Third, the consensus indicates that H. pylori gastritis is an infectious disease regardless of symptoms and complications, and that all H. pylori-infected individuals should be offered eradication therapy, unless competing considerations (e.g., advanced age and clinical comorbidity) are present. In fact, when large numbers of individuals receive eradication, non-infected individuals will be protected and the spread of the disease will be slowed. In our community-based eradication program, when the infection rate declined from 60 to 10 percent, the re-infection rate diminished from 10 to three per 1,000 people.2 However, this statement should be interpreted cautiously as a recommendation for mass screening and eradication in any given population. Whether or not to institute a screening program is a complex decision that must consider issues such as disease burden, cost-benefit ratio, infrastructure for delivering screening tests and competition with other health-care priorities. The consensus also highlights that the maximum benefit of H. pylori eradication can be obtained when mucosal damage is still non-atrophic. In screening participants, H. pylori is present in some individuals for decades (mucosa may become atrophic) and curing H. pylori cannot completely eliminate gastric cancer risk in those patients. Although the extent and severity of baseline gastritis may provide a clue, atrophic mucosa may regenerate over time after eradication. Therefore, reliable methods are needed to determine which patients need long-term follow-ups. Serological tests based on pepsinogen I and II levels, which reflect loss of the gastric gland and the presence of hypoacidity, may be an option. In our experience, the positivity rate was only about 3 to 4 percent for such a population and among those who tested positive, atrophic gastritis was indeed prevalent and gastric cancer was found. Another promising approach is the measurement of epigenetic alterations in the mucosa; this approach has been found useful in predicting the risk of metachronous gastric cancer after endoscopic resection.3
In gastric cancer, the carcinogenic process starts with gastritis, progressing to precancerous lesions and then cancer, while the development of preventive methods follows the reverse sequence.
The Kyoto Consensus on H. pylori gastritis is of particular importance to everyday gastroenterology practices in the Asia/Pacific region. It is a cornerstone in practice for the prevention of gastric cancer and provides important recommendations and guidance on our diagnosis and treatment of gastritis, and of the risk factors for H. pylori-associated gastric cancer.
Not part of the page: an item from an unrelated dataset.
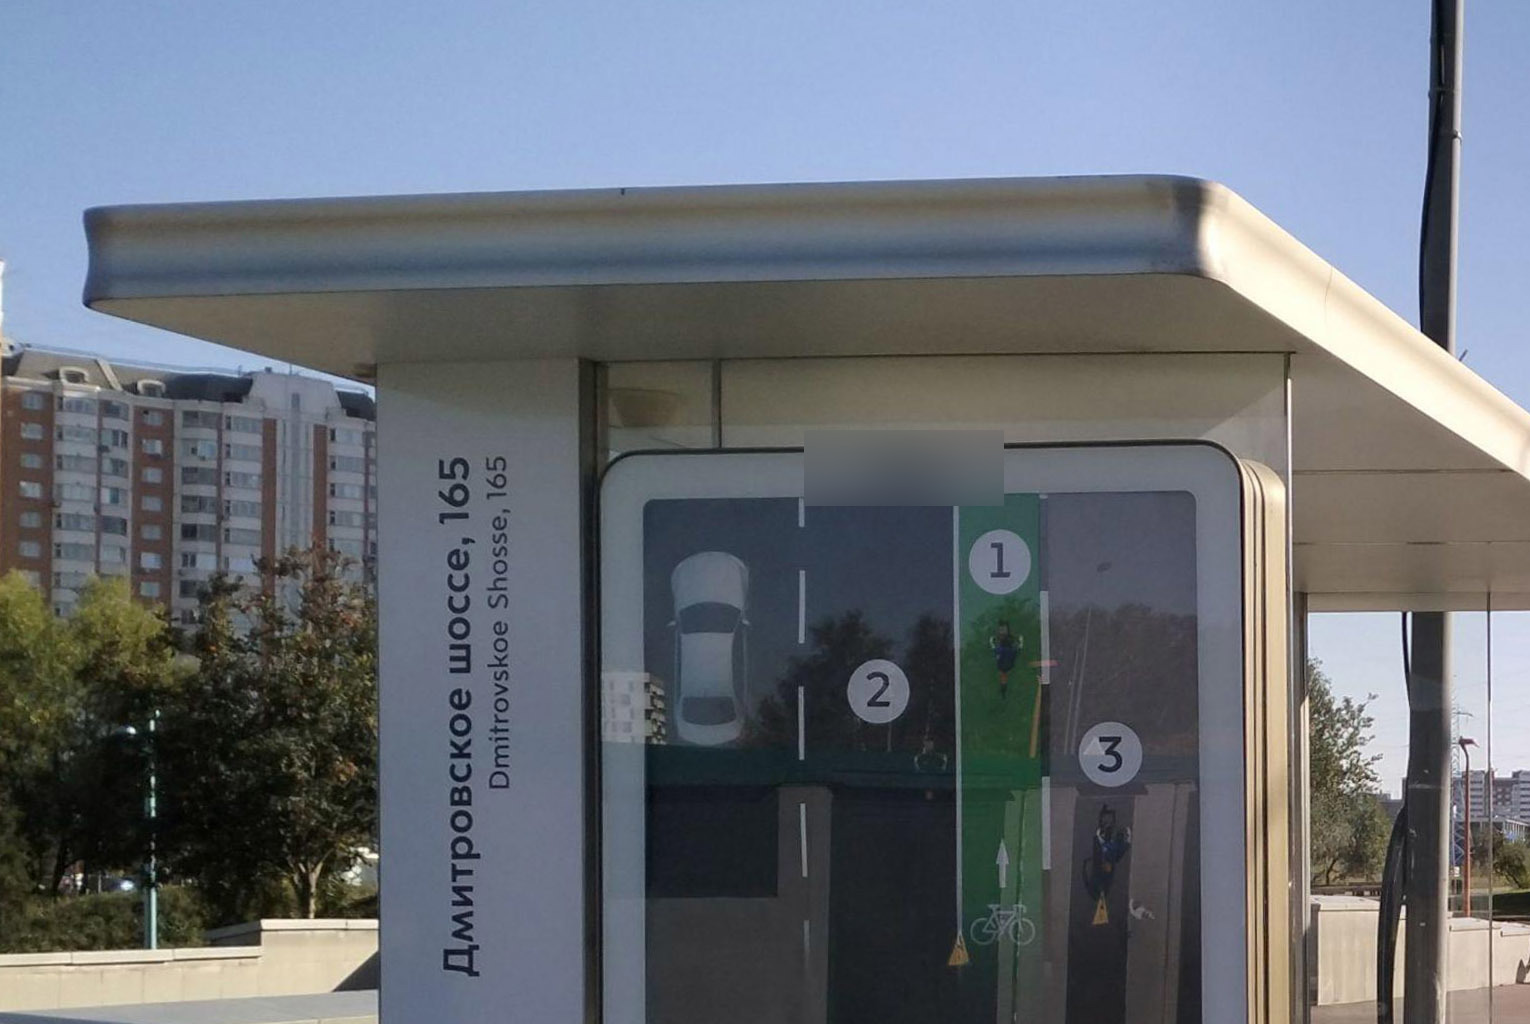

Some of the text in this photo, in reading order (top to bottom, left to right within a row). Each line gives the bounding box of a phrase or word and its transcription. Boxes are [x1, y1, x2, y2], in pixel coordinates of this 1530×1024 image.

Dr. Lee has no conflicts to disclose
1. Lee YC, Chiang TH, Liou JM, et al. Mass eradication of Helicobacter pylori to prevent gastric cancer: Theoretical and practical considerations. Gut Liver 2016;10:12-26.
2. Sugano K, Tack J, Kuipers EJ, et al faculty members of Kyoto Global Consensus Conference. Kyoto global consensus report on Helicobacter pylori gastritis. Gut 2015;64:1353-1367
3. Lee YC, Chen TH, Chiu HM, et al. The benefit of mass eradication of Helicobacter pylori infection: a communitybased study of gastric cancer prevention. Gut 2013;62:676- 682.